◆ Description of the task: In your copy of the entries, please include no pictures and return every word exactly.

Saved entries
----
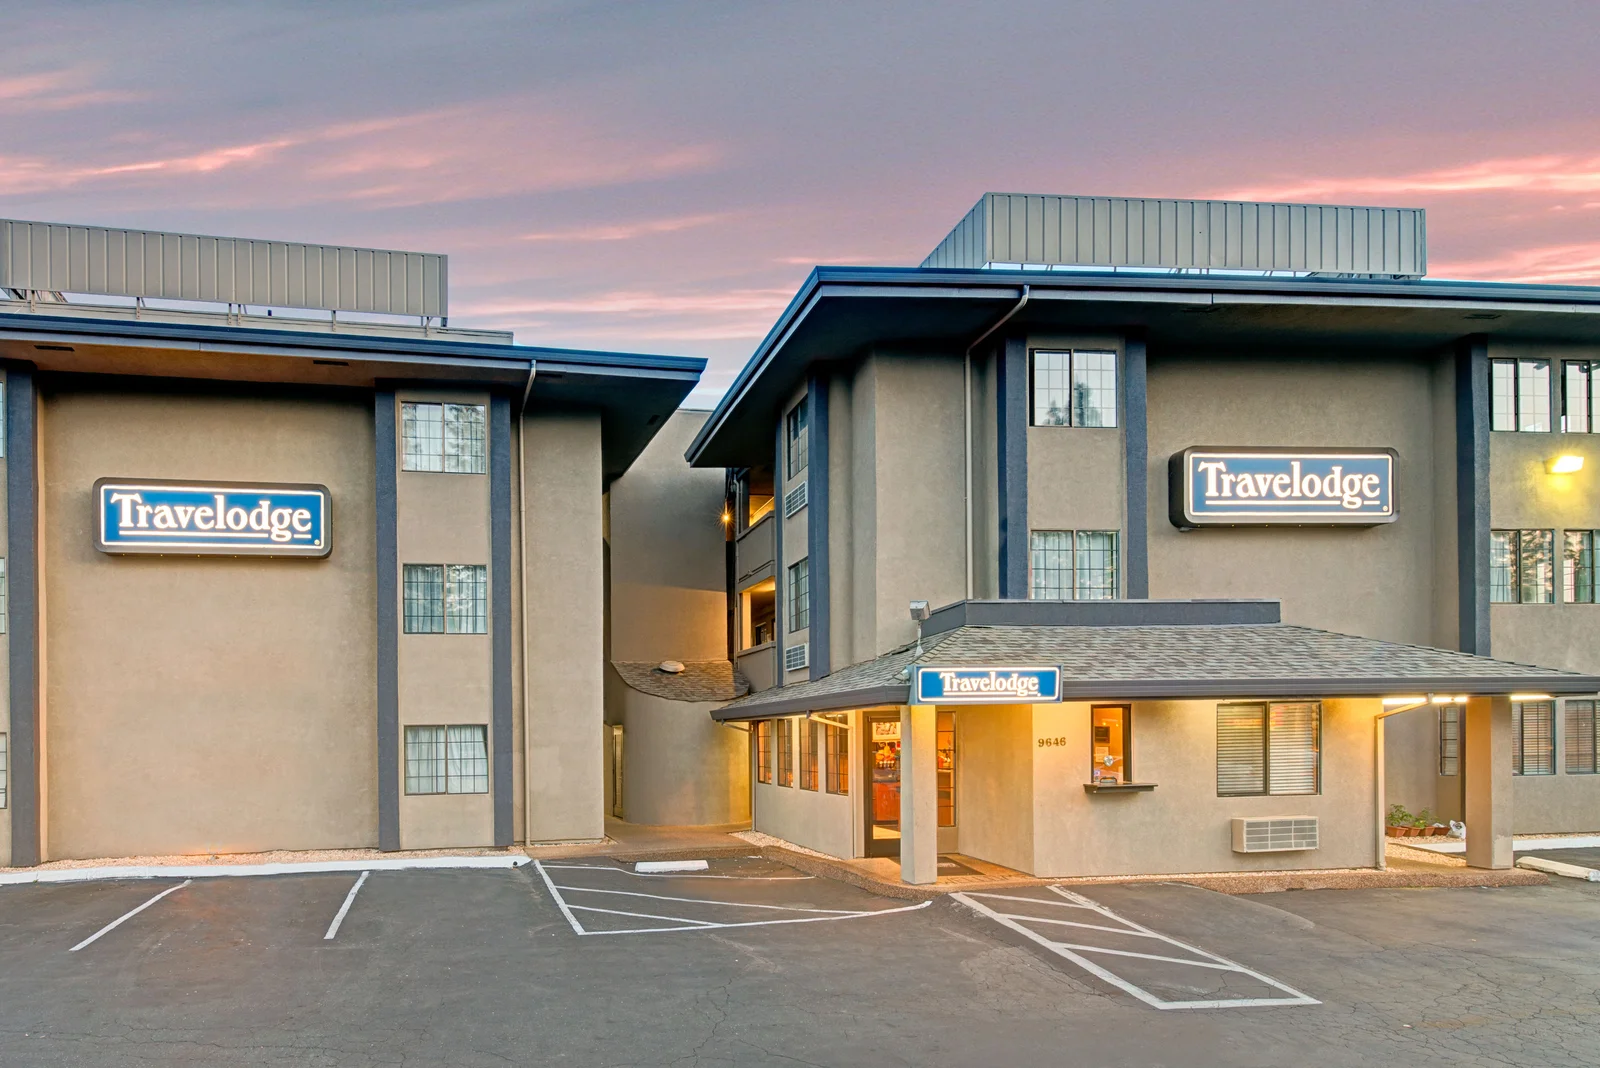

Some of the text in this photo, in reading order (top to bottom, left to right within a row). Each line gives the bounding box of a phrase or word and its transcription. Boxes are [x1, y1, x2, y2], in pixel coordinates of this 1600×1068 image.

[1198, 461, 1380, 509] Travelodge
[110, 492, 312, 542] Travelodge
[939, 671, 1039, 697] Travelodge
[1038, 737, 1067, 748] 9646
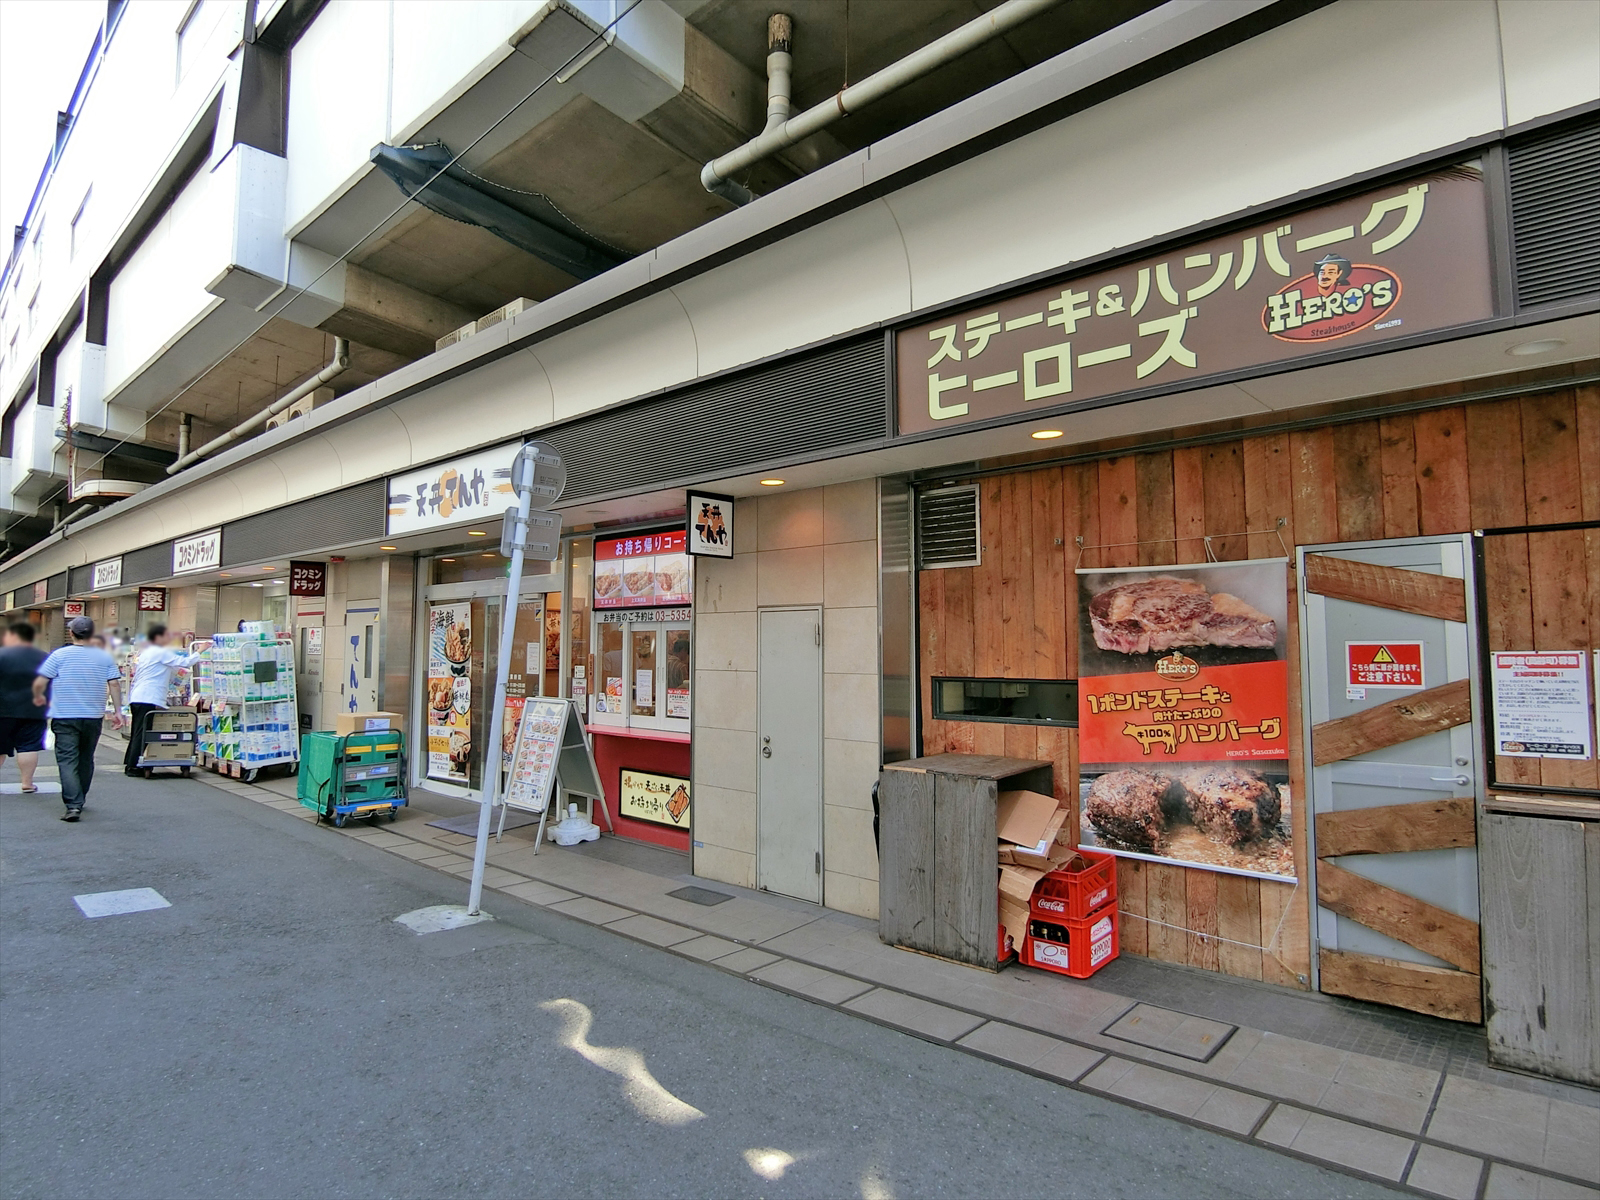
----
◆ Exercise answer:
Some of the text in this photo, in reading order (top to bottom, left to right within a row). Each line gives the bounding box of a phrase or word and its transcription. Boxes are [x1, y1, x2, y2], in pixel coordinates of this 1600×1068 image.

[1198, 461, 1380, 509] Travelodge
[110, 492, 312, 542] Travelodge
[939, 671, 1039, 697] Travelodge
[1038, 737, 1067, 748] 9646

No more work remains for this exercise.